Apellis taps Henry Winkler to raise awareness of eye disease as drug launch ramps up

Apellis Pharmaceuticals is eyeing happy days for its new geographic atrophy (GA) therapy Syfovre. With the market to itself, for now, the biotech is working to raise awareness about the disease and its warning signs—and has brought Henry Winkler on board to help get the message out.

The FDA approved Syfovre in February, making it the first product authorized for use in GA. Iveric Bio is in hot pursuit, with the FDA set to decide whether to approve its GA candidate in August, but for now Syfovre is the only game in town. Moving into virgin territory, Apellis’ first focus is to ensure patients are under specialists and understand they have a treatment option.

“We're really trying to educate on what the disease is and what it is that you should be looking for. If you're older, and you see vision changes, and you know that there's something that's not quite right, you should say something to your physician, especially if you’re in that age range of 75 and older,” David Acheson, senior vice president, North America commercial at Apellis, said. 

Today, around half of patients with diagnosed GA are under retina specialists that do eye injections but the rest are across other offices, such as optometry and general ophthalmology sites. Other patients may have undiagnosed GA, an advanced form of age-related macular degeneration. By raising awareness of GA, Apellis hopes to get more patients referred to specialists who can diagnose and treat the disease.

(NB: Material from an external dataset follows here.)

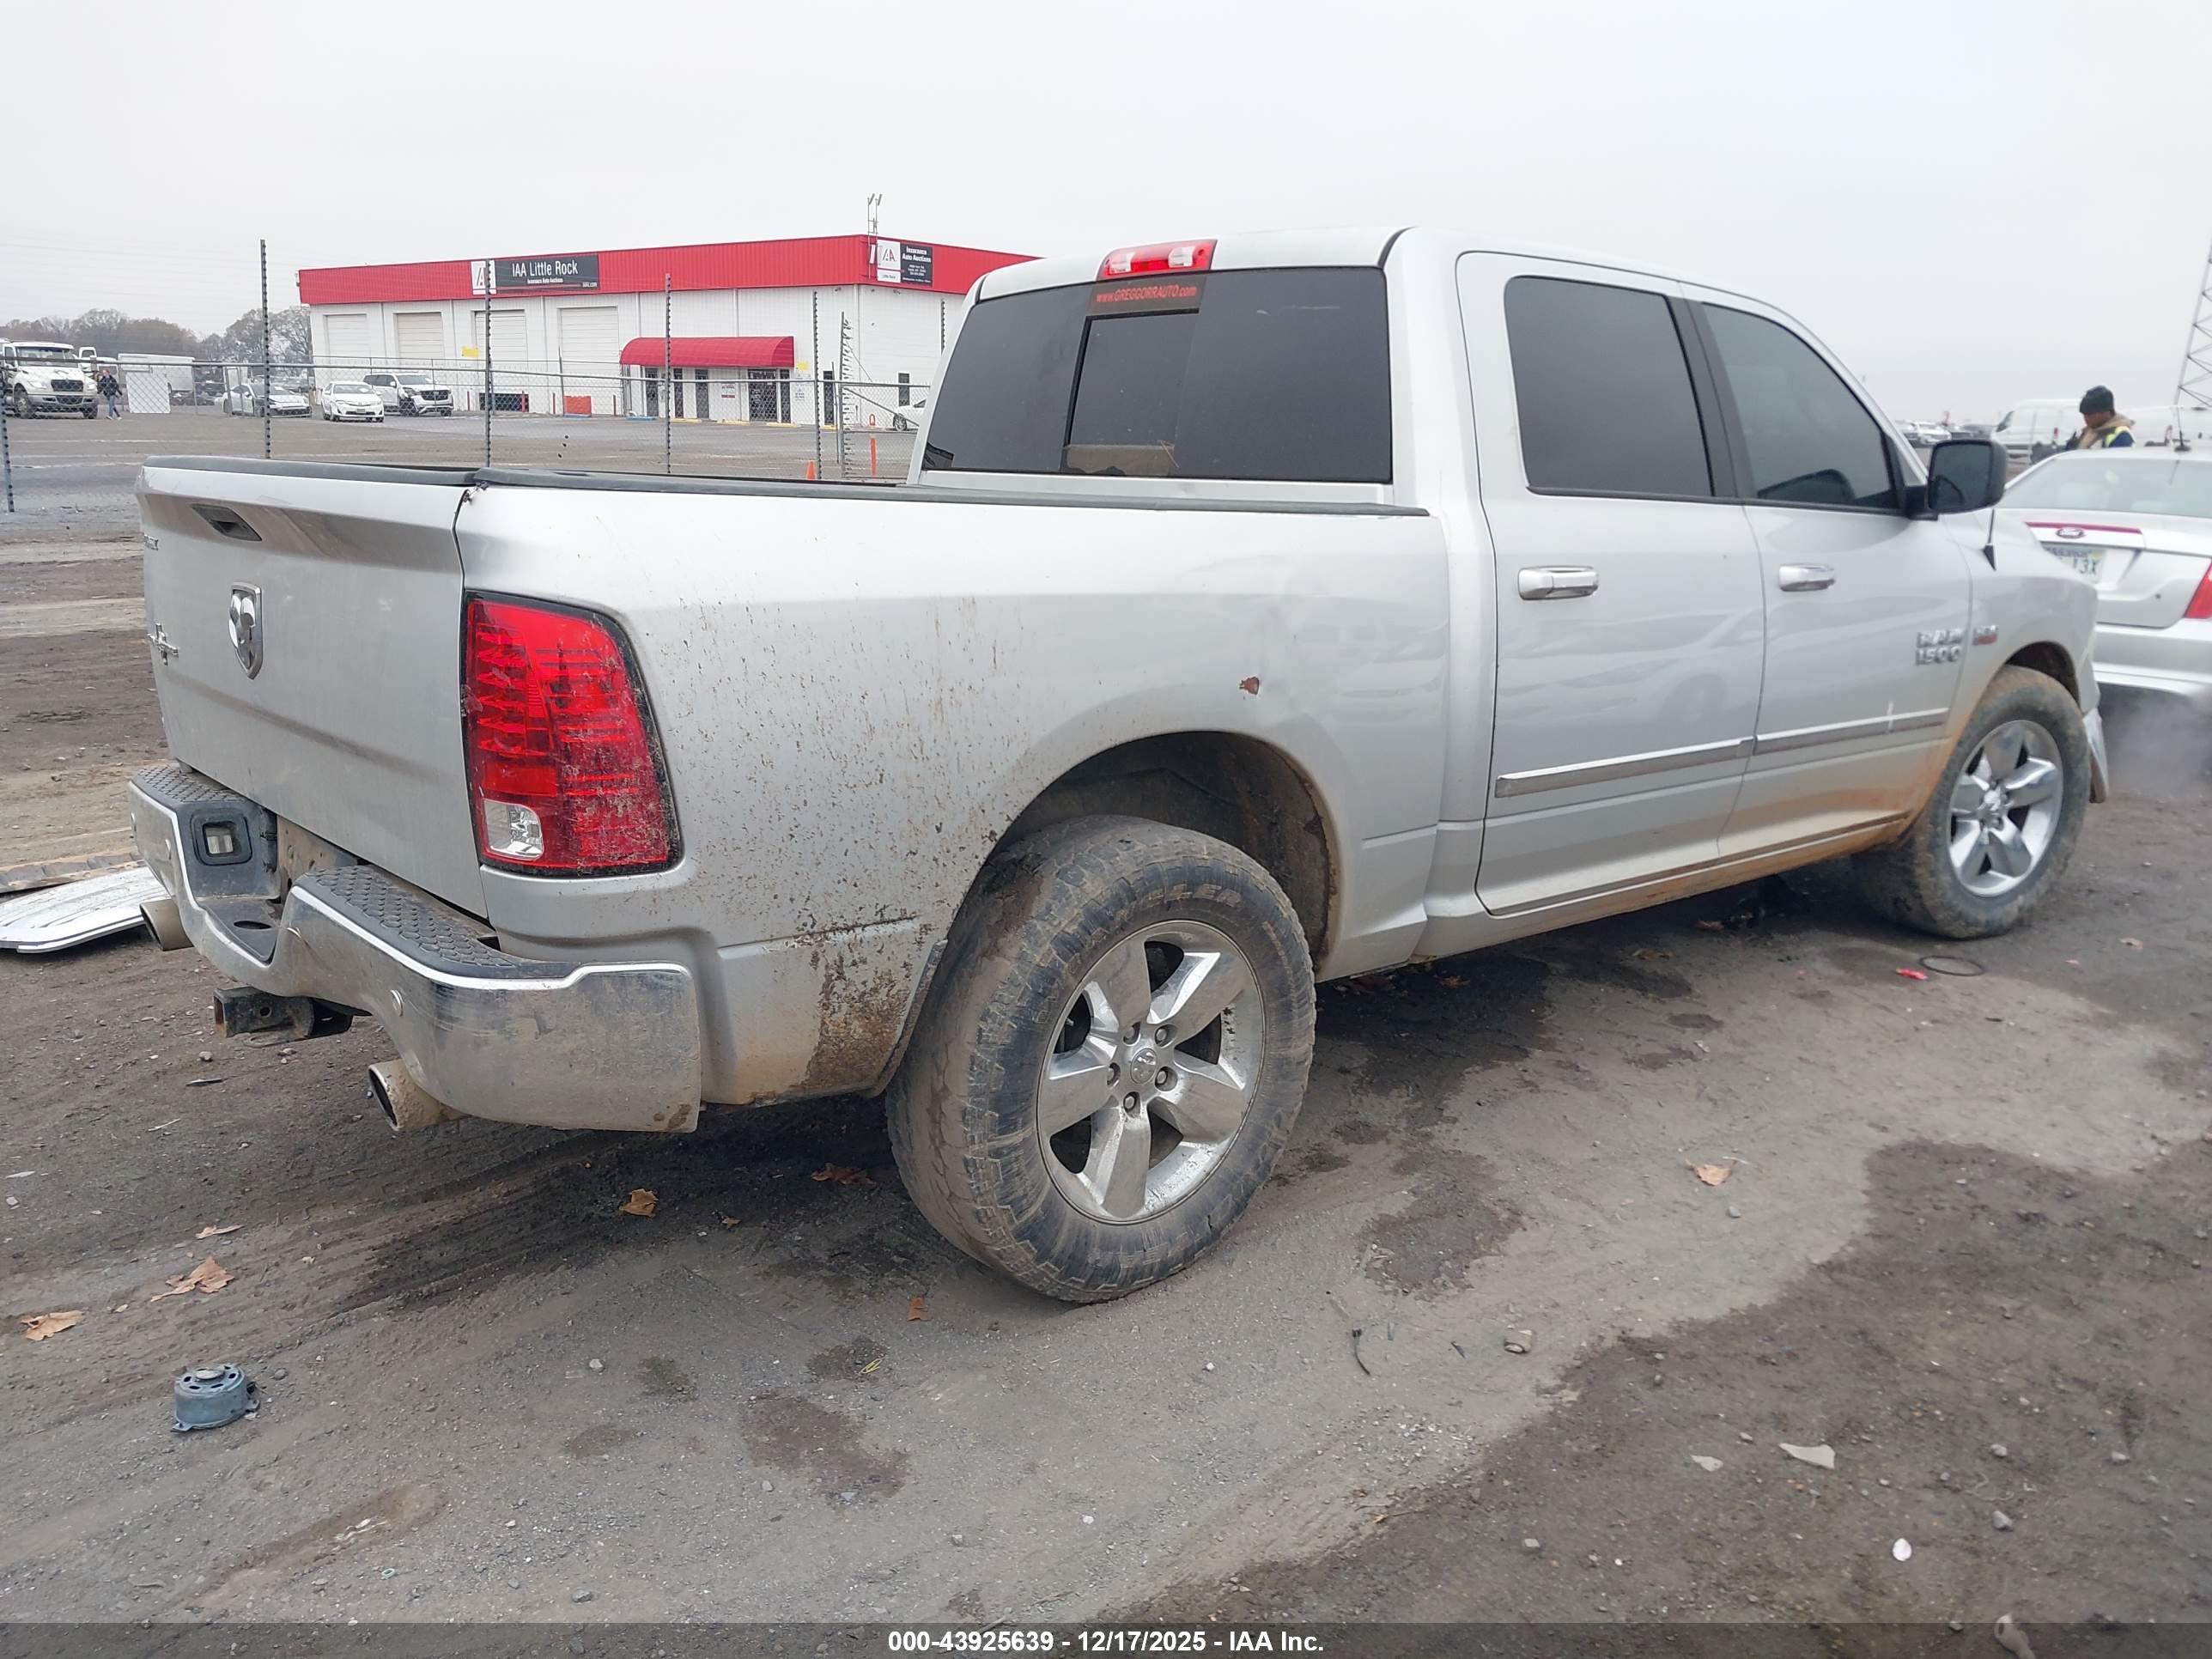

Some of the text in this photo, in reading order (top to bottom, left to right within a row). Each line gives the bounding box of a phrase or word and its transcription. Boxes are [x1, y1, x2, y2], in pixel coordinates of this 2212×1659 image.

[512, 259, 579, 277] IAA Little Rock
[1915, 647, 1961, 666] 1500

Winkler, an actor who made his name as "The Fonz" in the TV show Happy Days, is supporting Apellis’ work to raise awareness of GA. The work is personal for Winkler, whose father-in-law suffered vision loss that forced him to “give up his dental practice when he could no longer see cavities,” the actor said in a video for Apellis.

In the video, which is on Apellis’ “Eyes on GA” website, Winkler delivers a monologue about his father-in-law’s experience from a film set and discusses his own thinking about GA. “I’m proactive when it comes to vision. If I started seeing changes, I’d carry my car to the eye doctor’s office. That’s how on top of your vision you have to be,” Winkler said.

The actor’s personal relationship with vision loss was part of the reason that Apellis made him the face of the campaign. The other key factor was the likeability of Winkler, a man who has been making Americans laugh for 50 years, among the target demographic. 

“He tested better through our agency than any celebrity they've ever done testing for,” Acheson said. “He had a 99% rating. When we tested with patients, many people said, ‘I don't want a celebrity, that's not something that interests me.’ But when they saw Henry Winkler they said, ‘but I do like him.’ He's just a likable guy.”

In the coming months, Winkler, currently on screens in a new season of Barry, will be talking about GA and his personal story as part of the media work for his professional career. Apellis will then transition to TV and radio work. “At some point, we may entertain doing something product-specific, but today it's all going to be disease state education, and that's for the foreseeable future,” Acheson said.